• Aim of the task: Retype the entire listing, keeping every word as it is.
=== Section Start ===
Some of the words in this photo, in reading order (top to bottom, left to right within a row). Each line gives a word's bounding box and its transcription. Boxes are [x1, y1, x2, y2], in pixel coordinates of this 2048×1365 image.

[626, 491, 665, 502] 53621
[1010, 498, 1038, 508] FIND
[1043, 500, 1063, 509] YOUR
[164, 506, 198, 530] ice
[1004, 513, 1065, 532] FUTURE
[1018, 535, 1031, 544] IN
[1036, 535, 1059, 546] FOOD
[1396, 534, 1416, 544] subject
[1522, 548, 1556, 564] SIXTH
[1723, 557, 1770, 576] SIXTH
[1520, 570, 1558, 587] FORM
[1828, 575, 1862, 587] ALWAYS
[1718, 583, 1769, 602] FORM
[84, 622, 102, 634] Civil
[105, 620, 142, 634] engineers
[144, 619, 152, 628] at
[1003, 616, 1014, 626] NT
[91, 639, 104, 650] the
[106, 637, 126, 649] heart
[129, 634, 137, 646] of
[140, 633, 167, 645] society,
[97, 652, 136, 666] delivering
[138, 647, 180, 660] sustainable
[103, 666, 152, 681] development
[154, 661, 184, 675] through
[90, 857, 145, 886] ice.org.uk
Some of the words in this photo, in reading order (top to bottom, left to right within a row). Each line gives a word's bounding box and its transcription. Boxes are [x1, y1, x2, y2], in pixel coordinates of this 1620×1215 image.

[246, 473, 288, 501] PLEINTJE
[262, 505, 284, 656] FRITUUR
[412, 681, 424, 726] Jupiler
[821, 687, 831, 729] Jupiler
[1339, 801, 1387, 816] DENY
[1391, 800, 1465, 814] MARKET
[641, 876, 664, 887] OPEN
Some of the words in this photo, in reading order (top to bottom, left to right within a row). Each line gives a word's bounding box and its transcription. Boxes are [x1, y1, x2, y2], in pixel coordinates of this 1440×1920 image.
=== Section End ===
• Your response:
Some of the words in this photo, in reading order (top to bottom, left to right within a row). Each line gives a word's bounding box and its transcription. Boxes are [x1, y1, x2, y2], in pixel coordinates of this 2048×1365 image.

[626, 491, 665, 502] 53621
[1010, 498, 1038, 508] FIND
[1043, 500, 1063, 509] YOUR
[164, 506, 198, 530] ice
[1004, 513, 1065, 532] FUTURE
[1018, 535, 1031, 544] IN
[1036, 535, 1059, 546] FOOD
[1396, 534, 1416, 544] subject
[1522, 548, 1556, 564] SIXTH
[1723, 557, 1770, 576] SIXTH
[1520, 570, 1558, 587] FORM
[1828, 575, 1862, 587] ALWAYS
[1718, 583, 1769, 602] FORM
[84, 622, 102, 634] Civil
[105, 620, 142, 634] engineers
[144, 619, 152, 628] at
[1003, 616, 1014, 626] NT
[91, 639, 104, 650] the
[106, 637, 126, 649] heart
[129, 634, 137, 646] of
[140, 633, 167, 645] society,
[97, 652, 136, 666] delivering
[138, 647, 180, 660] sustainable
[103, 666, 152, 681] development
[154, 661, 184, 675] through
[90, 857, 145, 886] ice.org.uk
Some of the words in this photo, in reading order (top to bottom, left to right within a row). Each line gives a word's bounding box and its transcription. Boxes are [x1, y1, x2, y2], in pixel coordinates of this 1620×1215 image.

[246, 473, 288, 501] PLEINTJE
[262, 505, 284, 656] FRITUUR
[412, 681, 424, 726] Jupiler
[821, 687, 831, 729] Jupiler
[1339, 801, 1387, 816] DENY
[1391, 800, 1465, 814] MARKET
[641, 876, 664, 887] OPEN
Some of the words in this photo, in reading order (top to bottom, left to right within a row). Each line gives a word's bounding box and its transcription. Boxes are [x1, y1, x2, y2], in pixel coordinates of this 1440×1920 image.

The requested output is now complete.